Slow connection speeds. Periodic blackouts. Stodgy staged feeling. The presumptive Democratic presidential candidate’s first attempt at a pandemic-forced virtual campaign rally didn’t go well.
(CN) — The 2020 presidential election is only 180 days away.
While polls show former Vice President Joe Biden with a sizeable lead over President Donald Trump, Biden’s attempt at a virtual rally in Tampa, Florida, on Thursday indicated why the coronavirus-affected world presents a distinct disadvantage for the Democrat.
While Trump continues to wield the bully pulpit by appearing on television, touring manufacturing plants and using other events to disseminate his messages, Biden is relegated to making appearances via Zoom on video chats.
The discrepancy between these two media approaches was never more apparent Thursday when Biden’s virtual rally was plagued by glitches, weak transmission signals and periodic blackouts before the candidate finally delivered a message about Trump’s insufficiency as a leader during the nation’s biggest public health crisis in living memory.
The rally was meant to focus on Florida and the unique challenges of its residents during the coronavirus pandemic that has ravaged the Sunshine State.
Biden criticized Republican leadership in the state, including former governor and current U.S. Sentator Rick Scott.
“In the thick of this crisis, Florida has the worst rate of fulfilling unemployment claims of any state in the country,” Biden said. “It’s no surprise, the unemployment system was allowed to be hollowed by Governor Scott back in 2011.”
Biden was preceded by Democratic lawmakers from Florida who sung his praises and talked about the need to unseat Trump.
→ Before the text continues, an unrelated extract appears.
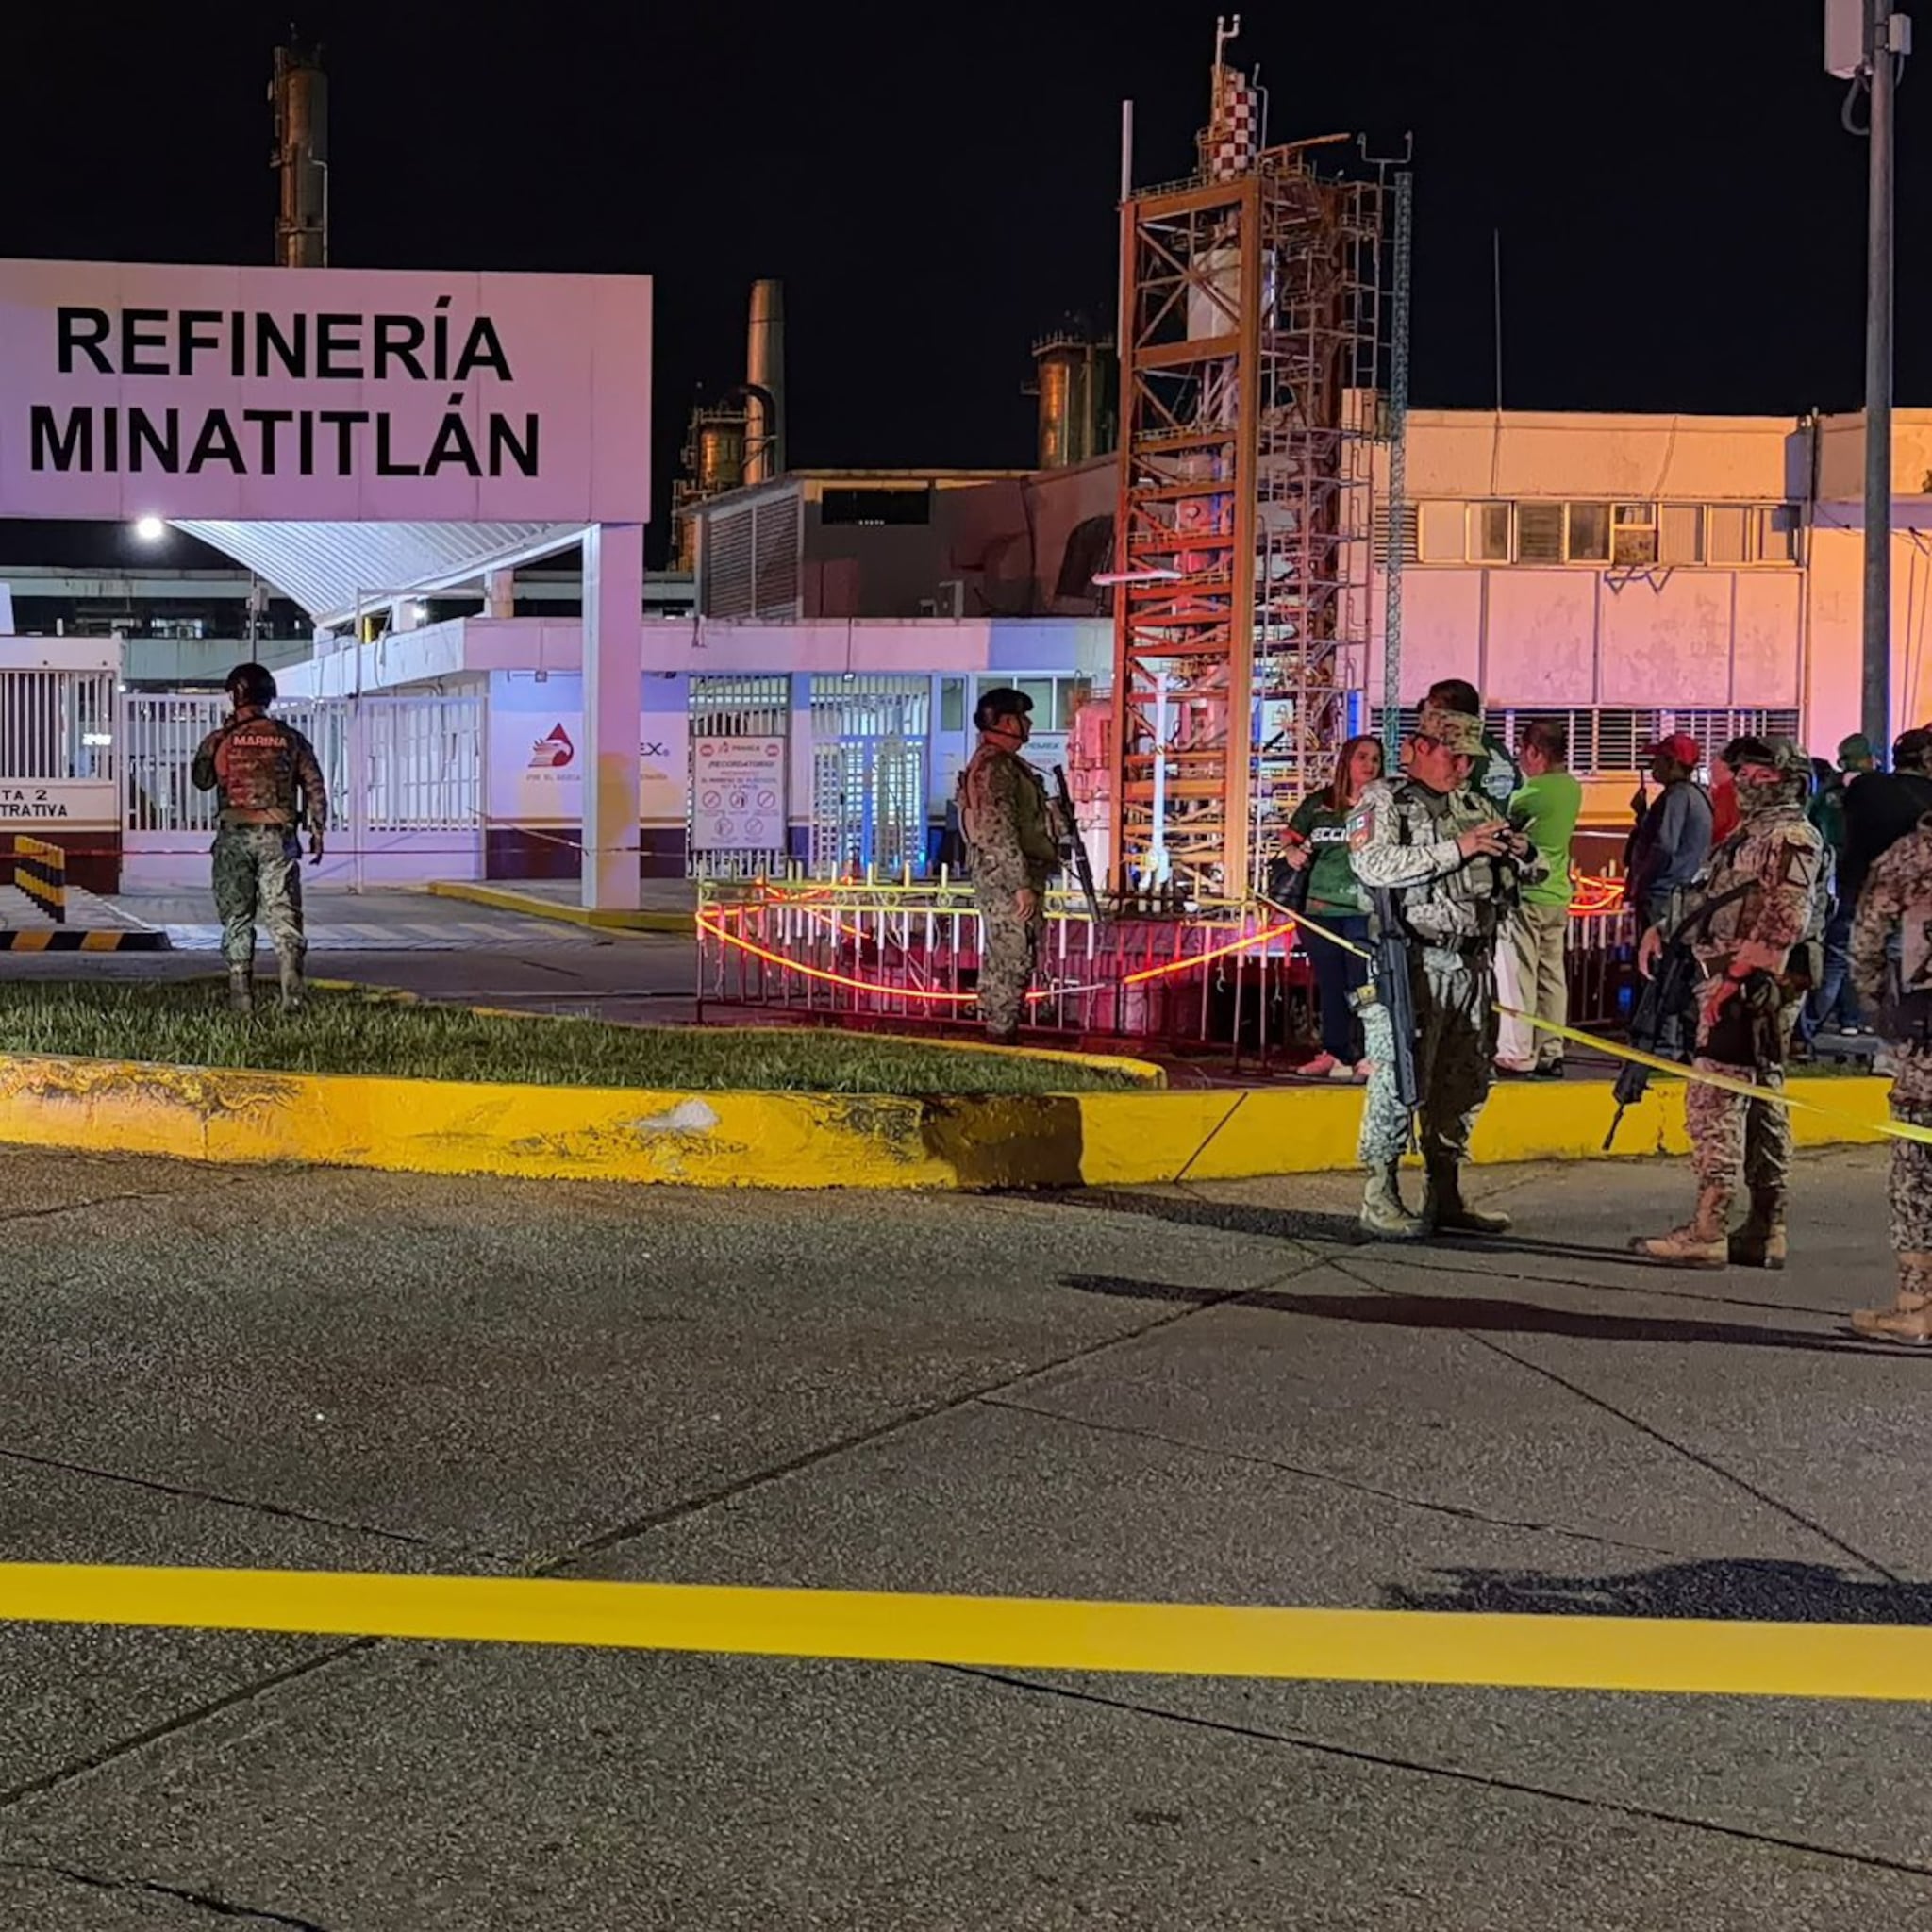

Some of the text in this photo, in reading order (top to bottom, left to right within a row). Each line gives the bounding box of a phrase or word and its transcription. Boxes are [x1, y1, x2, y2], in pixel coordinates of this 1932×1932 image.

[57, 295, 514, 382] REFINERÍA
[29, 391, 540, 477] MINATITLÁN
[233, 735, 287, 748] MARINA
[34, 789, 48, 801] 2
“Joe is empathetic and caring and he stands up for working people,” said Kathy Castor, a congresswoman representing Tampa. “We know he listens to scientists and public health experts and America is in dire need of that skill right now.”
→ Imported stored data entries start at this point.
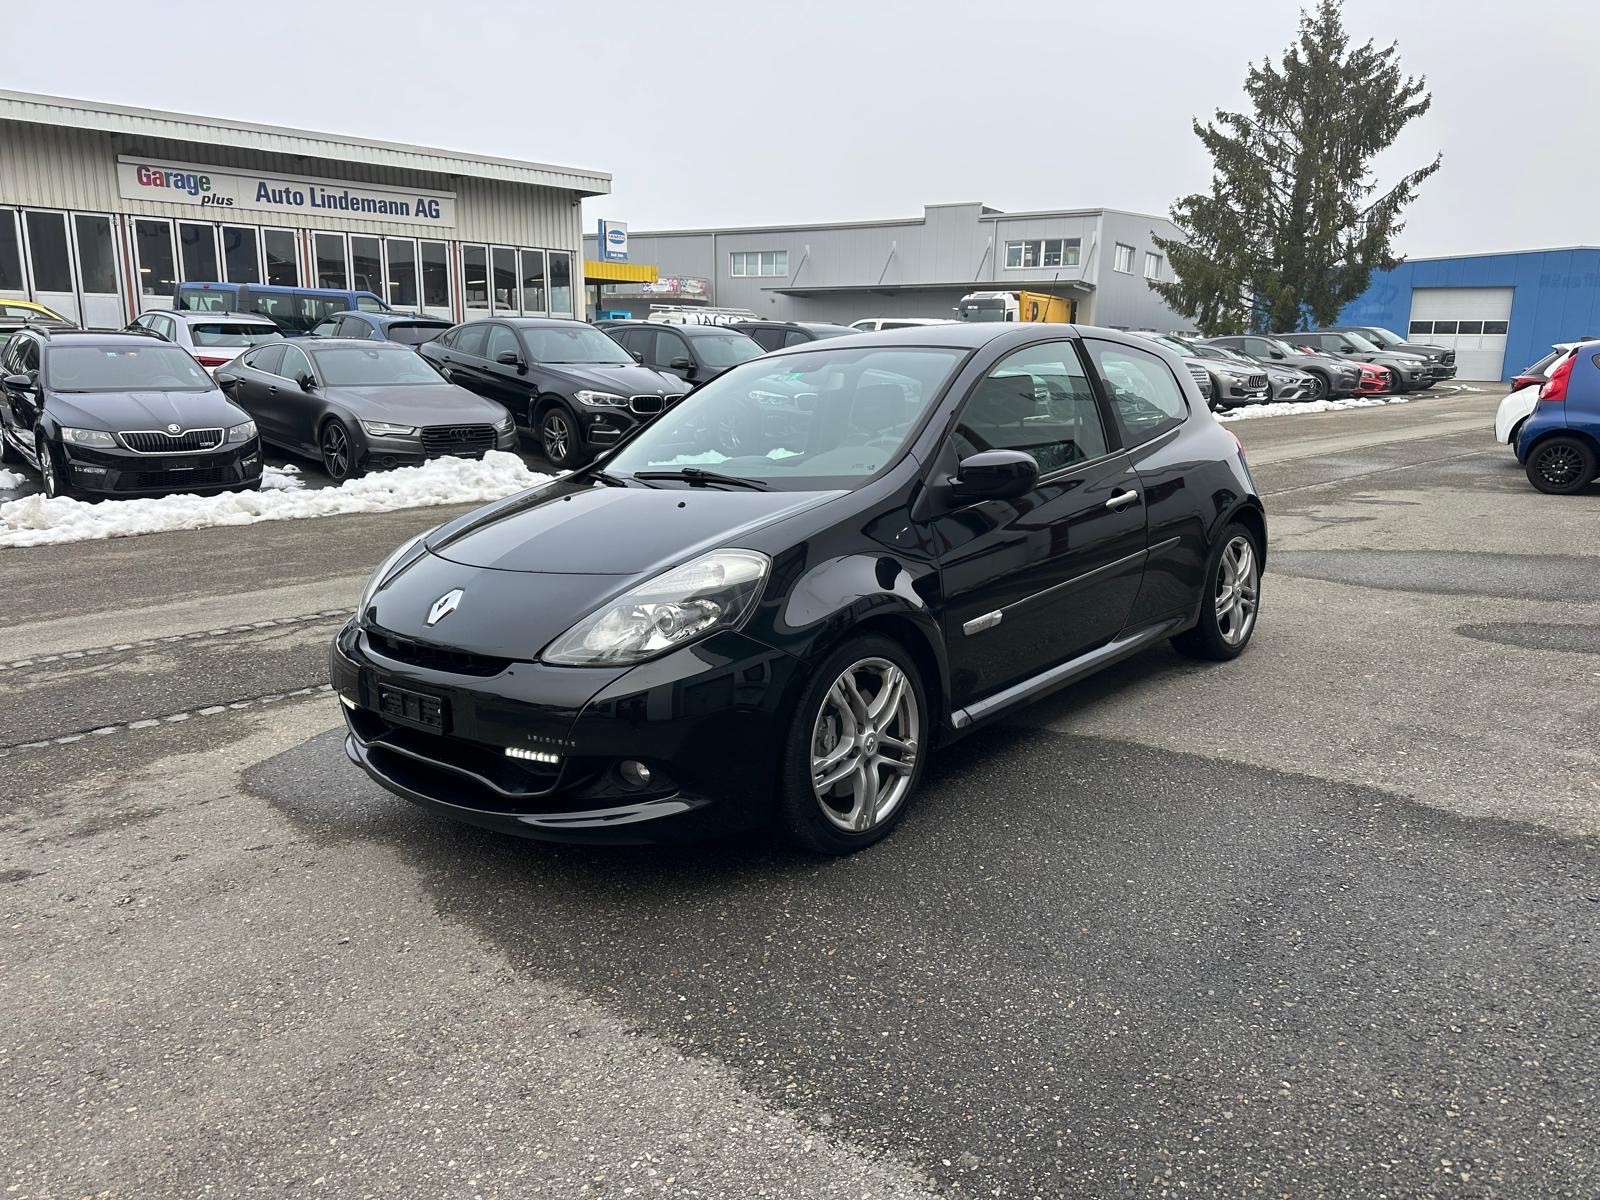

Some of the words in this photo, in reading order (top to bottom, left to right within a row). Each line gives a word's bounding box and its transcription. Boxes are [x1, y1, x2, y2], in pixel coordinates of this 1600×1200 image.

[136, 164, 211, 196] Garage
[201, 193, 234, 207] plus
[255, 181, 304, 206] Auto
[309, 186, 410, 216] Lindemann
[414, 198, 440, 219] AG
But more than a few commentators who showed up on Periscope or other livestreaming platforms, complained about the connection and cracked jokes about Biden’s technological acumen and hinted at a penchant for dial-up internet.
The Biden camp tried to mimic the trappings of a real live political rally, with music from a DJ and the accompanying enthusiasm, but the trick is difficult to pull off in the virtual world. Images of DJ Jack Henriquez spinning records and bobbing to music in his living room just doesn’t have the same feel of a live campaign event, with the staging, lights and cheering crowd.
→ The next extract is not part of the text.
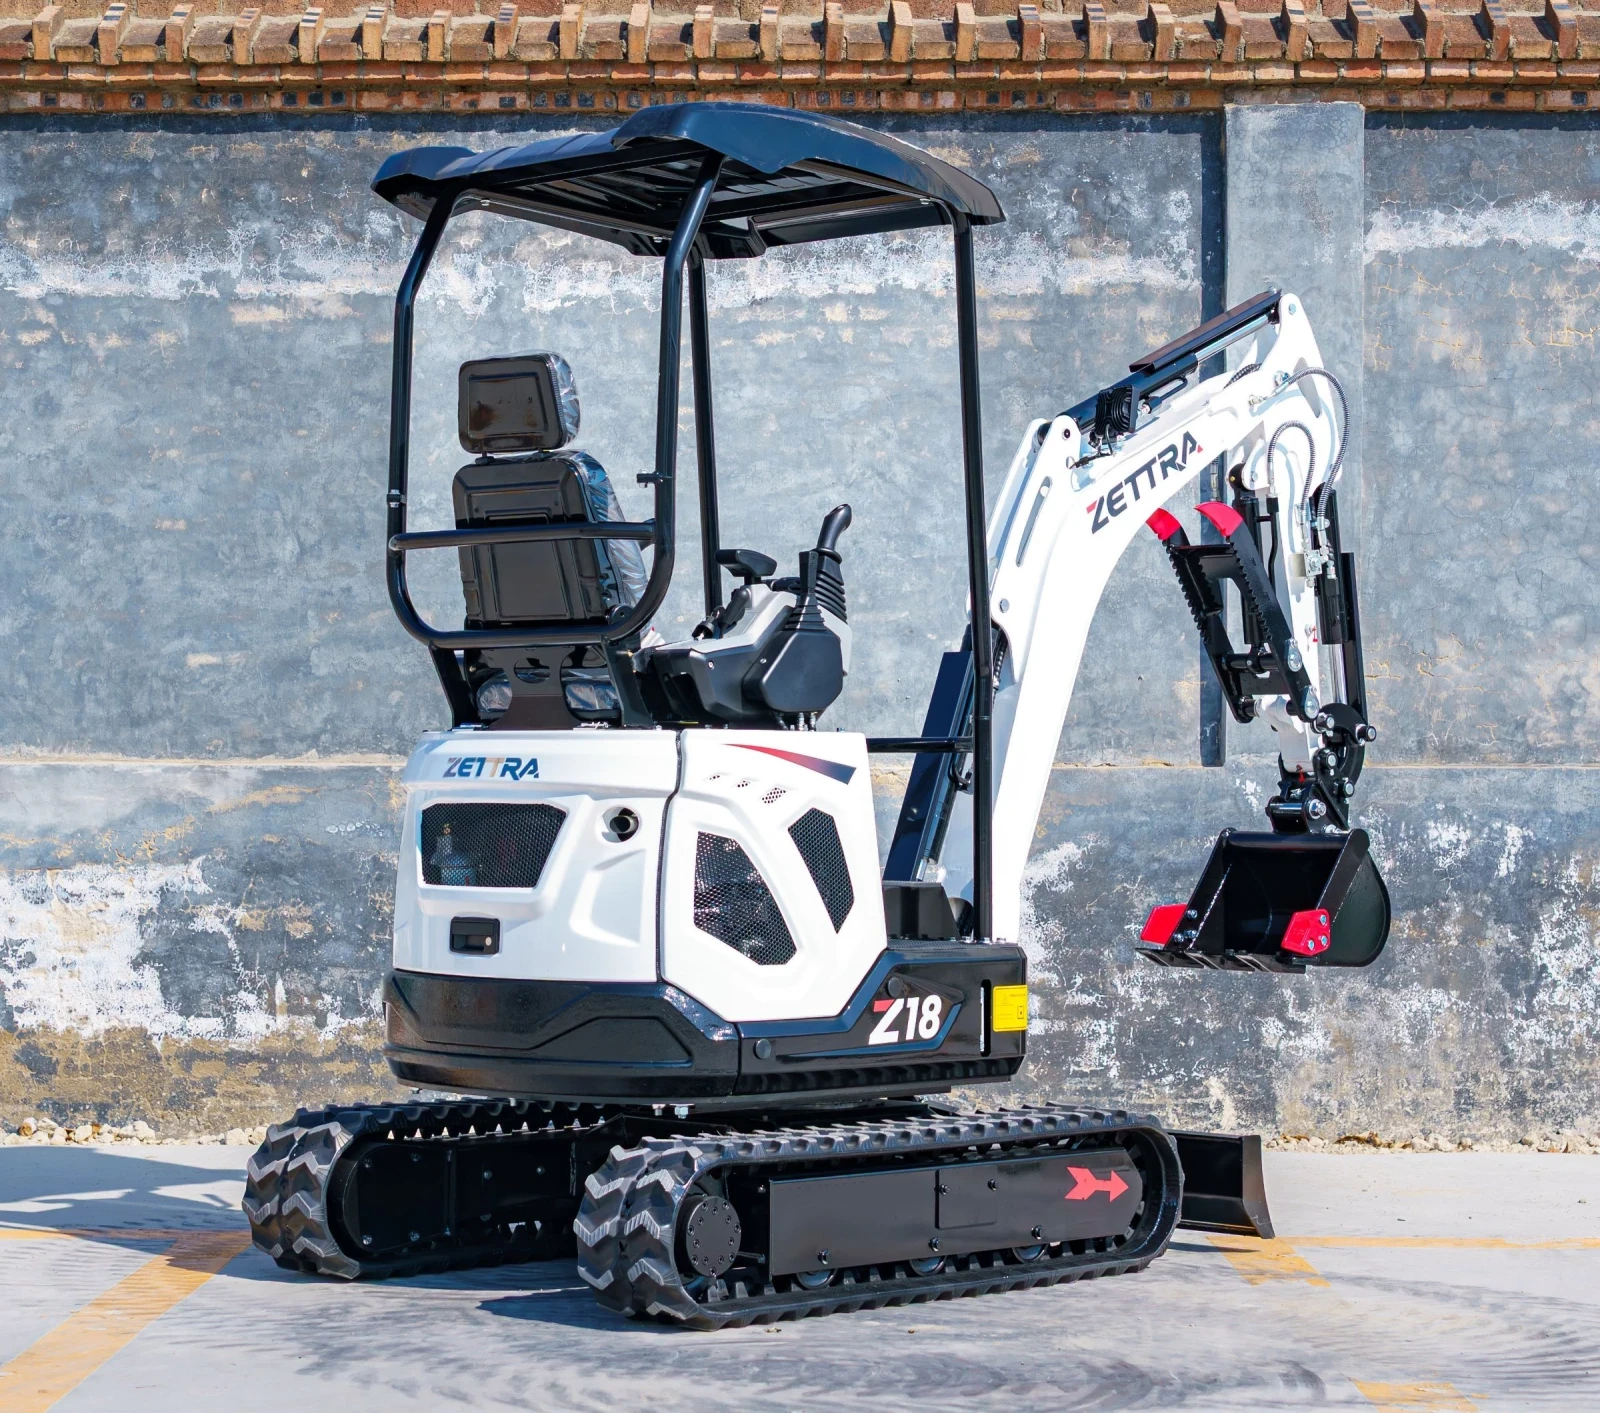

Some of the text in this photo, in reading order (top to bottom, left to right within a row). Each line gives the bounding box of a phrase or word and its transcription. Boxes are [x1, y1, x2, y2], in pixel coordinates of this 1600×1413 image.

[1086, 431, 1203, 534] ZETTRA
[443, 757, 539, 780] ZETTRA
[868, 994, 942, 1045] Z18
But the format deficit is not wholly a disadvantage for Biden, who has displayed troubling signs of cognitive fraying at times during the campaign. By not appearing often in public and only talking from a teleprompter when he does appear, Biden can avoid the gaffes and disjointed mumbling that has sporadically characterized his efforts on the trail.
Conversely, Trump has not taken advantage of his ability to commandeer the media spotlight as he has consistently scuffled during daily press briefings with a tendency to ramble off-topic or focus solely on his putative achievements in curtailing a global pandemic that continues to spread unabated across the United States.
A low point for the president came on April 23, when Trump appeared to suggest injecting bleach or allowing UV light to penetrate the human body could cure the coronavirus — prompting incredulity and ridicule from pundits and lawmakers on both sides of the aisle.
“I can’t believe I have to say this, but please don’t drink bleach,” Biden tweeted soon after the Trump presser.
Trump has since appeared at daily briefings less and less frequently while his team has encouraged him to downplay the pandemic by centering an economic message.
It’s clear from Biden’s rhetoric on Thursday, the former vice president will attempt to make the election a pure referendum on Trump and his agenda, particularly as it relates to the coronavirus response.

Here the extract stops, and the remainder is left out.